**Task details:**
Restate the following data in its entirety, word for word and without images.

[Dataset entries]
---------------

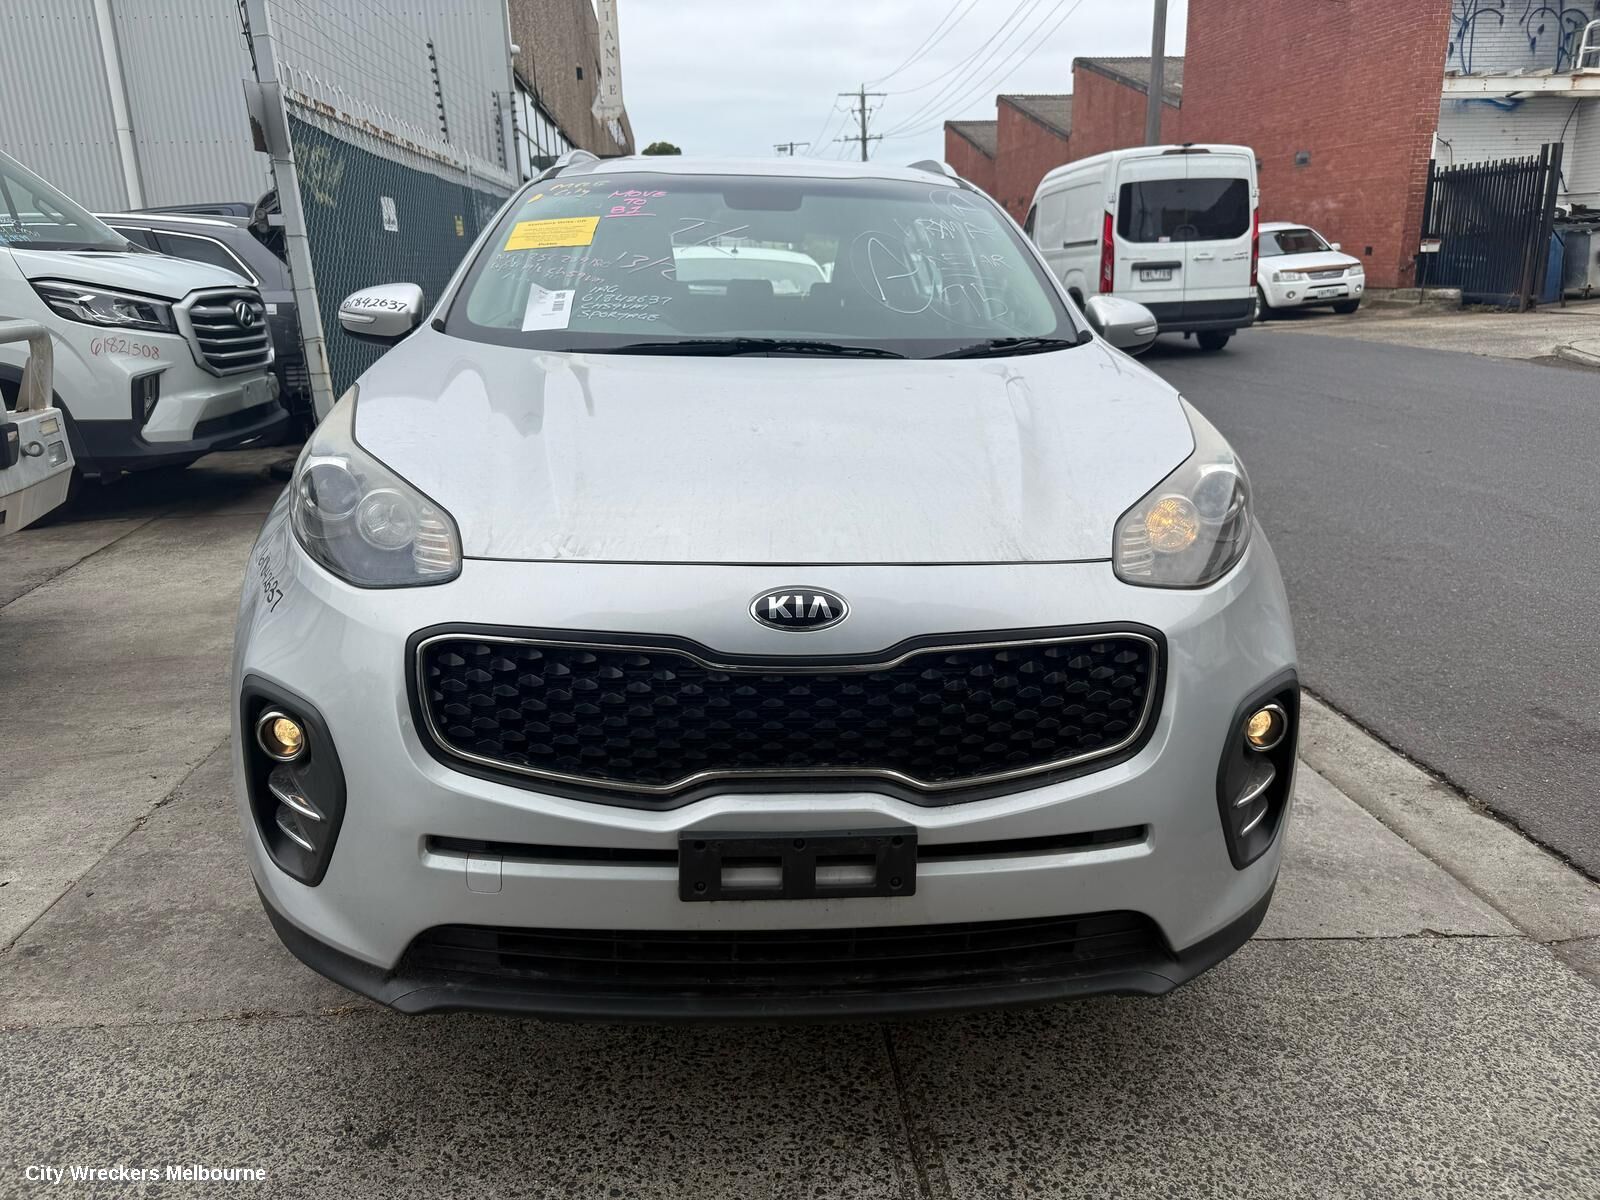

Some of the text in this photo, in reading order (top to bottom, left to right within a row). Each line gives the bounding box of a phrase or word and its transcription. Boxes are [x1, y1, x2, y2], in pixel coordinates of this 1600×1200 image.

[602, 0, 617, 95] IANNE
[90, 336, 160, 360] 61821508
[767, 595, 833, 619] KIA
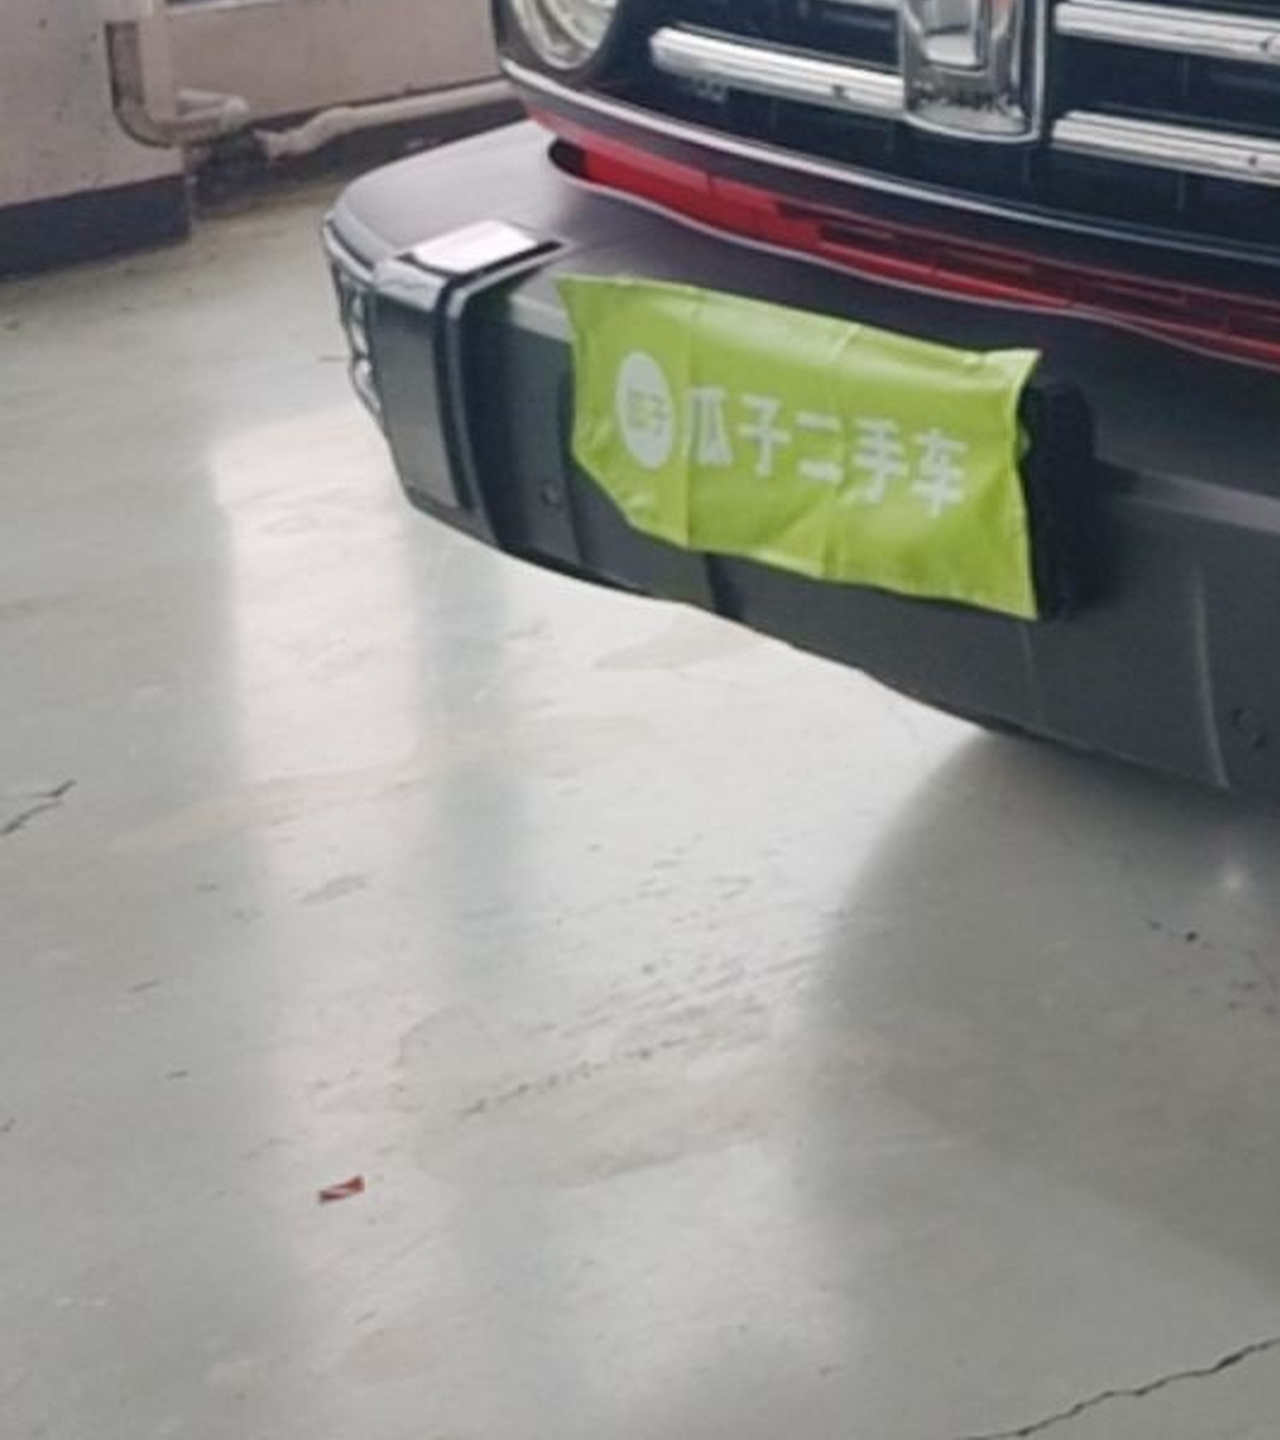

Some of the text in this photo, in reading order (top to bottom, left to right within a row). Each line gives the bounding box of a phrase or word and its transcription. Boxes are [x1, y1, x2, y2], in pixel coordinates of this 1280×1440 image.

---------------

**Output for this task:**
Some of the text in this photo, in reading order (top to bottom, left to right within a row). Each line gives the bounding box of a phrase or word and its transcription. Boxes are [x1, y1, x2, y2], in pixel coordinates of this 1600×1200 image.

[602, 0, 617, 95] IANNE
[90, 336, 160, 360] 61821508
[767, 595, 833, 619] KIA

Some of the text in this photo, in reading order (top to bottom, left to right within a row). Each line gives the bounding box of a phrase or word and its transcription. Boxes are [x1, y1, x2, y2], in pixel coordinates of this 1280×1440 image.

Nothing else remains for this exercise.